[DESCRIPTION OF THE TASK]
Can you transcribe every entry word for word, skipping the images?

[[ DATASET RECORDS, beginning ]]

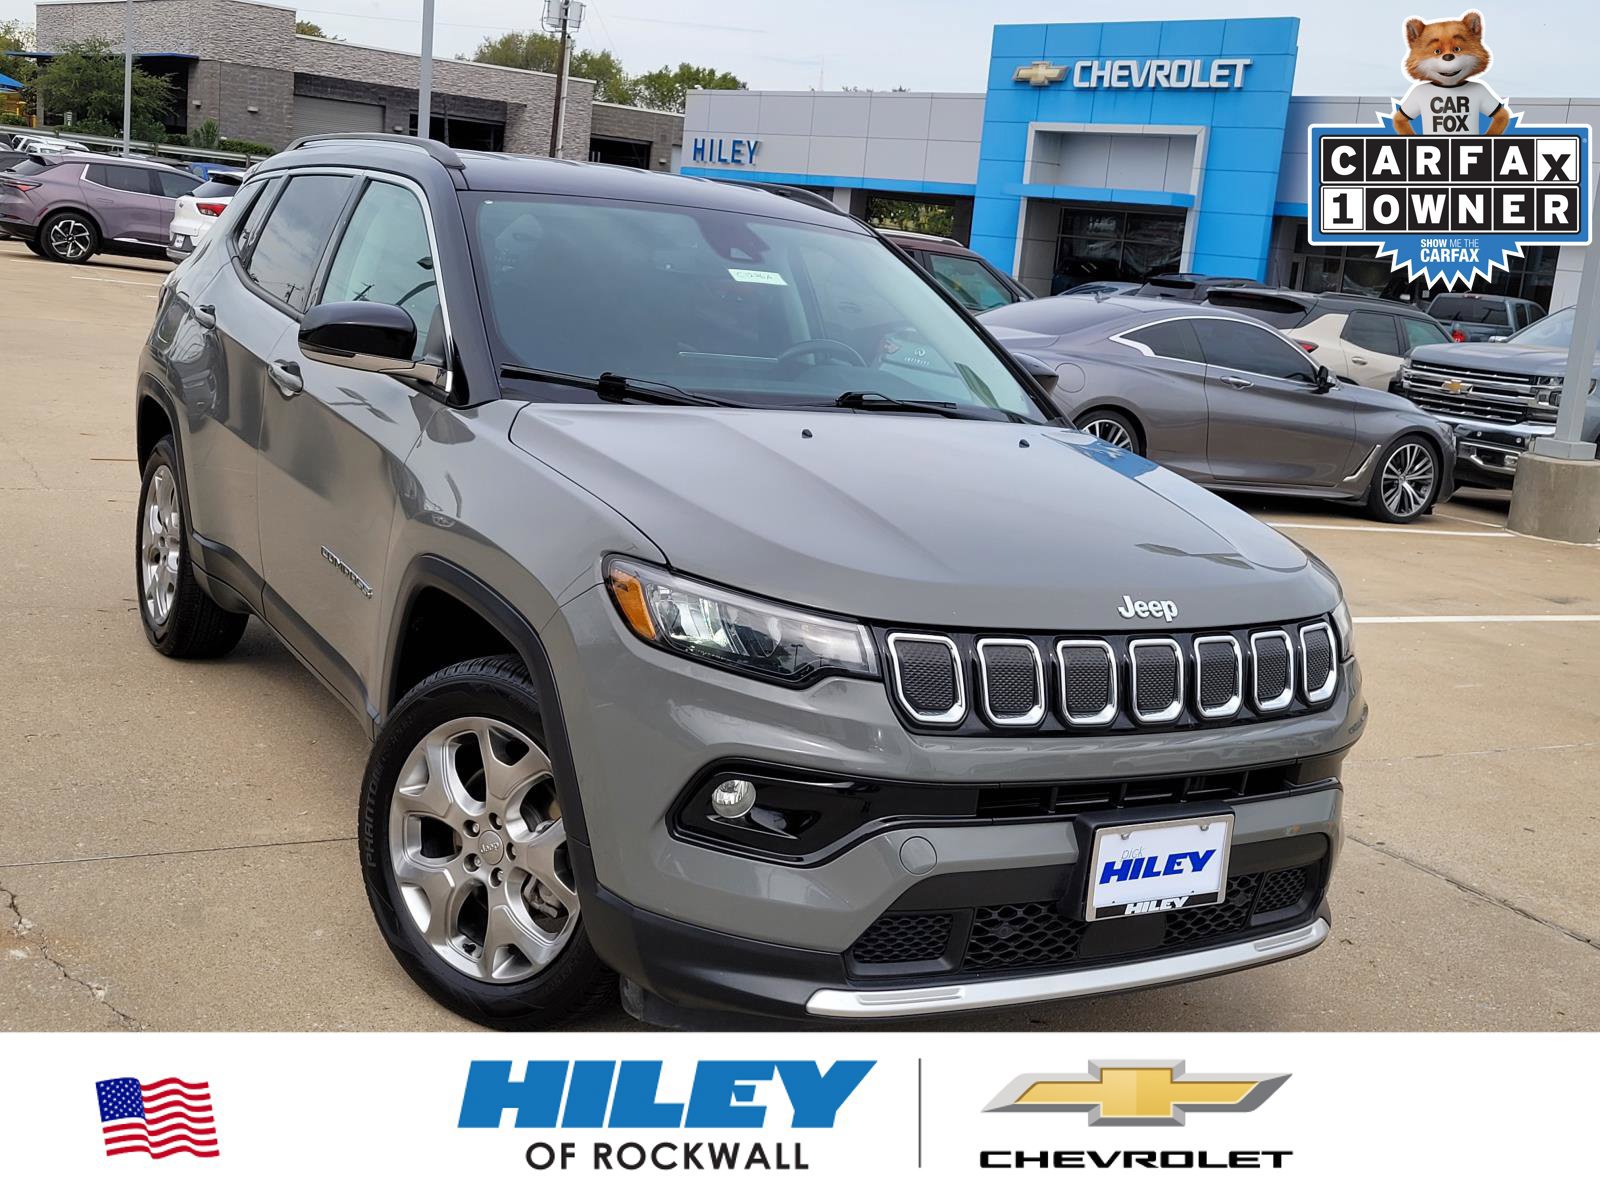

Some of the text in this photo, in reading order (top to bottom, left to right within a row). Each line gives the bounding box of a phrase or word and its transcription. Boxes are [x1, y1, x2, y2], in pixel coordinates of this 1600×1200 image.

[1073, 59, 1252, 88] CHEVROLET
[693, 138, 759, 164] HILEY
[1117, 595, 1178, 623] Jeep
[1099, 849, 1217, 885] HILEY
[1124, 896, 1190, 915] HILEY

[[ DATASET RECORDS, end ]]

[RESULT OF THIS TASK]
Some of the text in this photo, in reading order (top to bottom, left to right within a row). Each line gives the bounding box of a phrase or word and its transcription. Boxes are [x1, y1, x2, y2], in pixel coordinates of this 1600×1200 image.

[1073, 59, 1252, 88] CHEVROLET
[693, 138, 759, 164] HILEY
[1117, 595, 1178, 623] Jeep
[1099, 849, 1217, 885] HILEY
[1124, 896, 1190, 915] HILEY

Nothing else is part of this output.